TASK TO CARRY OUT: Please copy every record below exactly, leaving out the pictures.

Segment Start: RECORDS FOR THIS EXERCISE

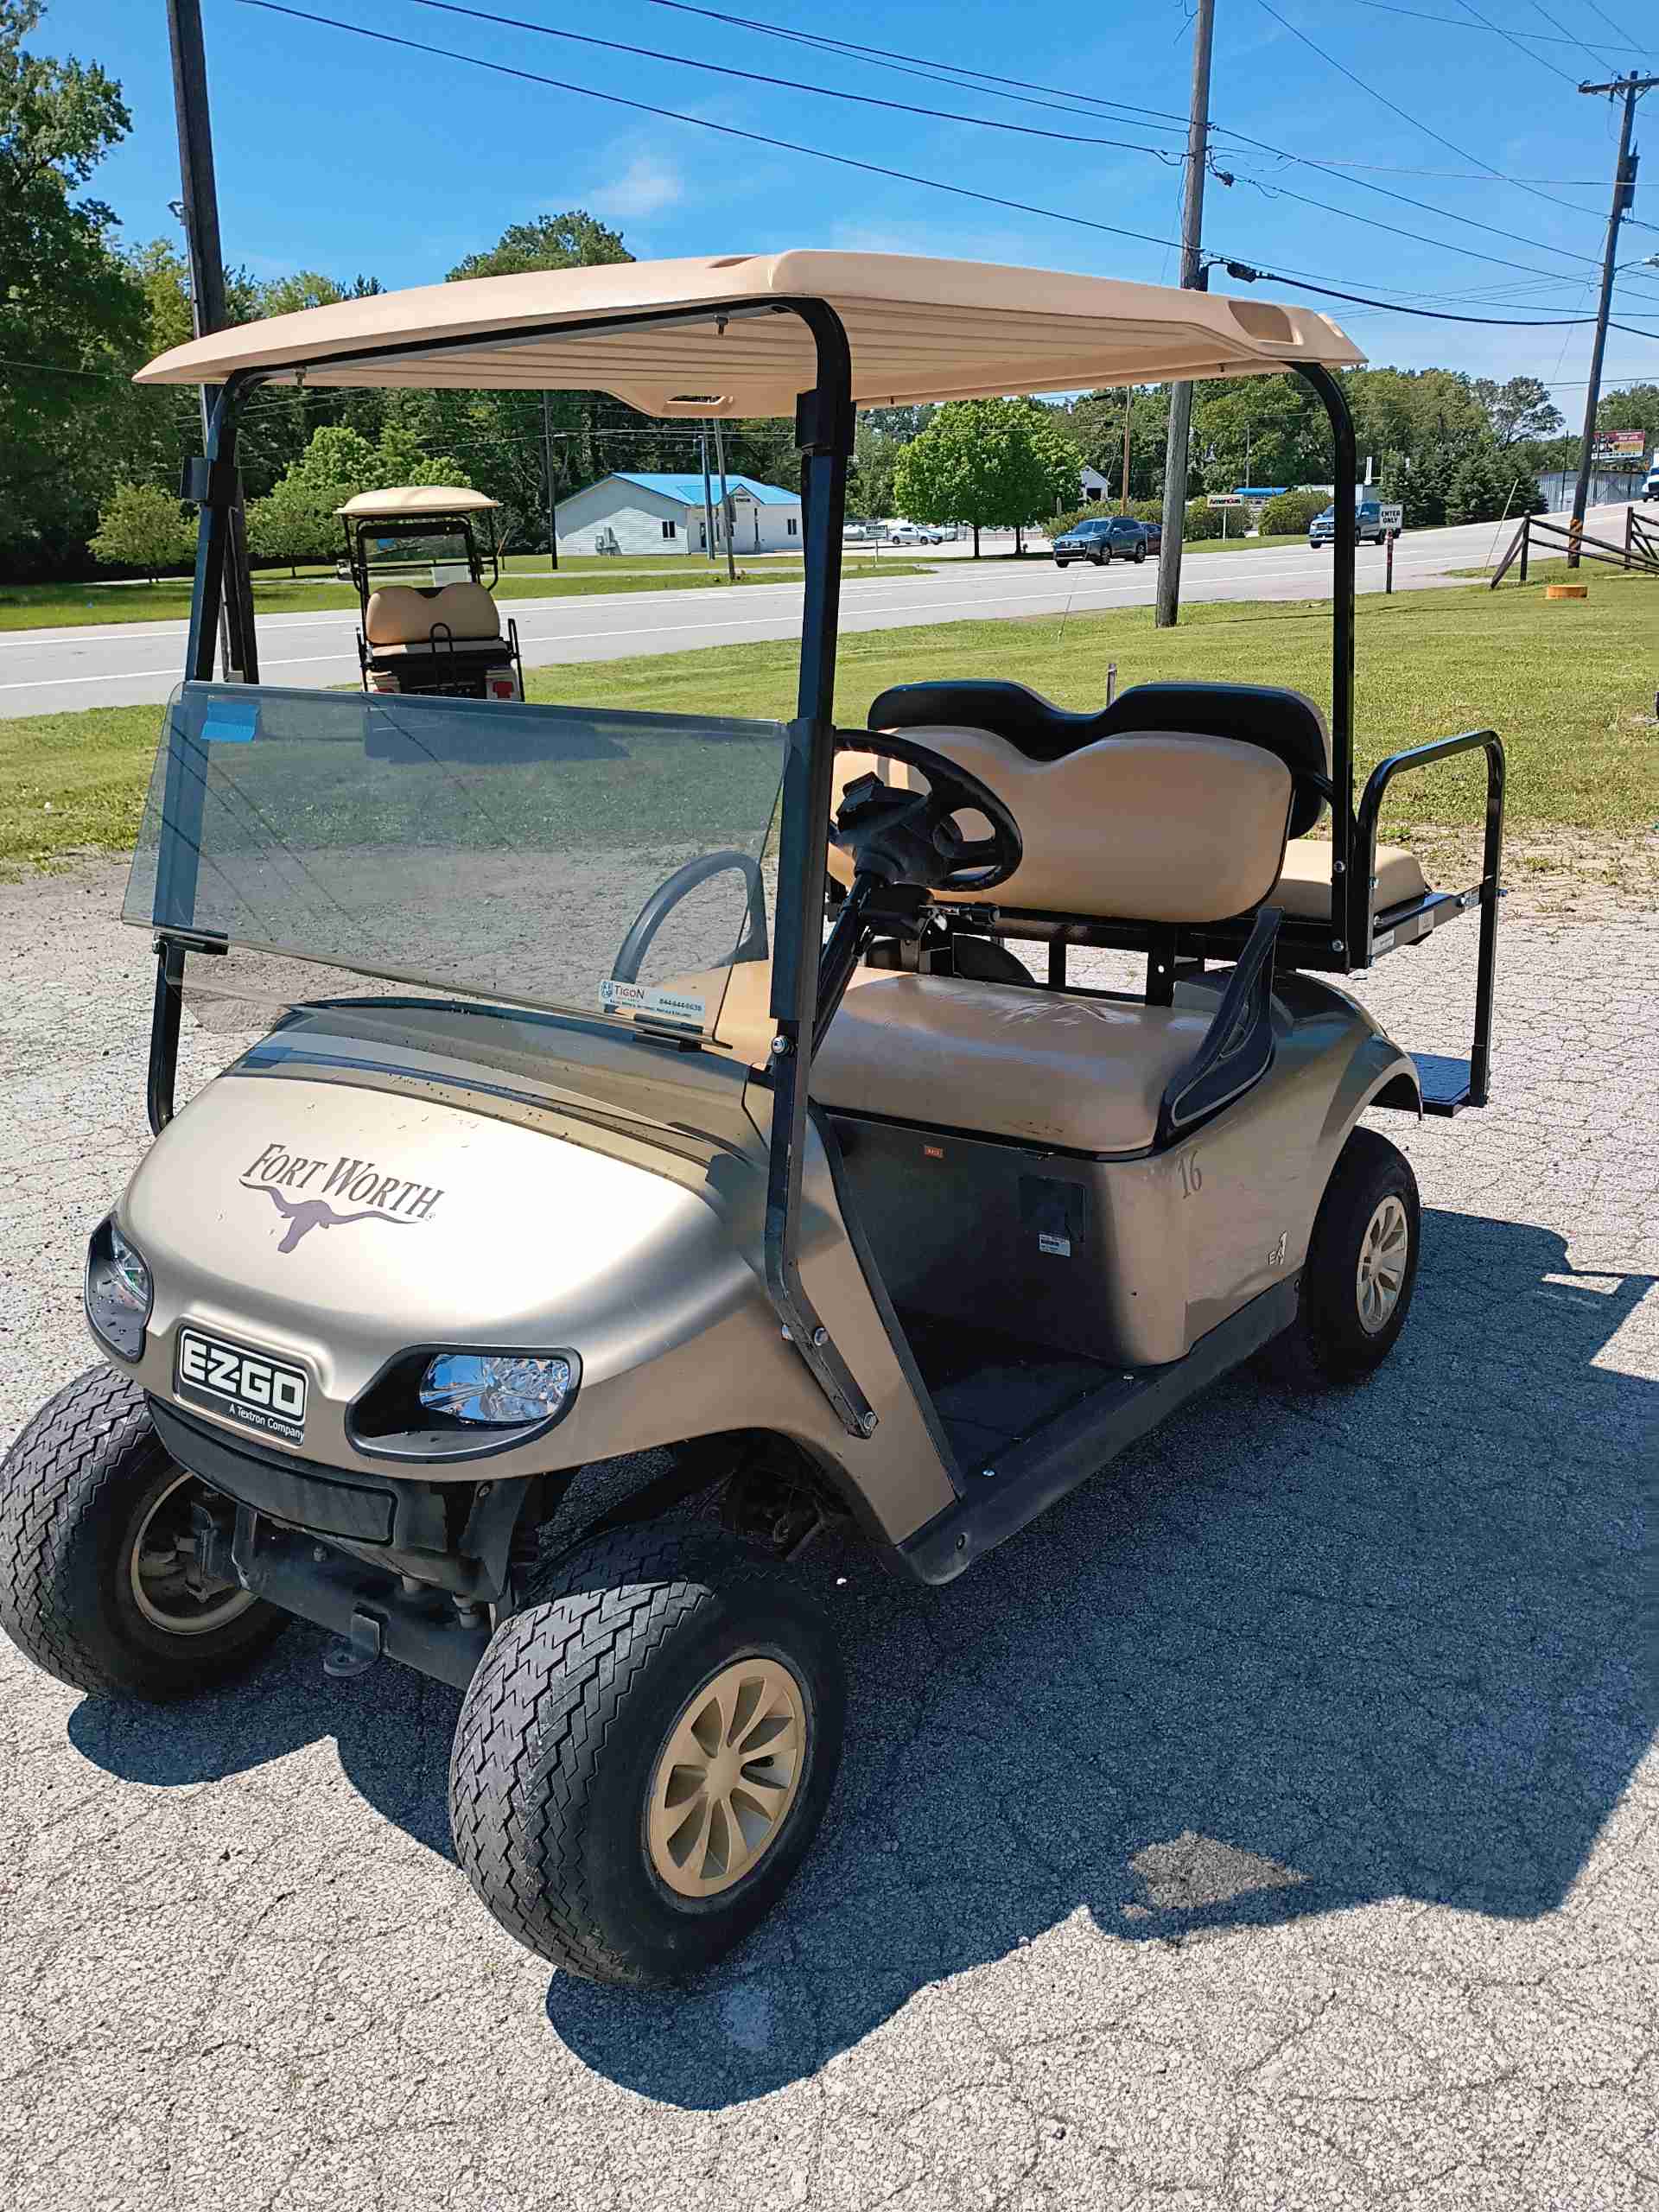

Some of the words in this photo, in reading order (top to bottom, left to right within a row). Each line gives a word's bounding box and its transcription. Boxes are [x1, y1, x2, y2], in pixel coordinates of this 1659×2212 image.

[241, 1142, 328, 1189] FORT
[321, 1156, 446, 1219] WORTH
[1176, 1148, 1203, 1199] 16
[228, 1402, 236, 1415] A
[237, 1405, 266, 1426] Textron
[267, 1417, 305, 1445] Company

Segment End: RECORDS FOR THIS EXERCISE

ANSWER BELOW:
Some of the words in this photo, in reading order (top to bottom, left to right within a row). Each line gives a word's bounding box and its transcription. Boxes are [x1, y1, x2, y2], in pixel coordinates of this 1659×2212 image.

[241, 1142, 328, 1189] FORT
[321, 1156, 446, 1219] WORTH
[1176, 1148, 1203, 1199] 16
[228, 1402, 236, 1415] A
[237, 1405, 266, 1426] Textron
[267, 1417, 305, 1445] Company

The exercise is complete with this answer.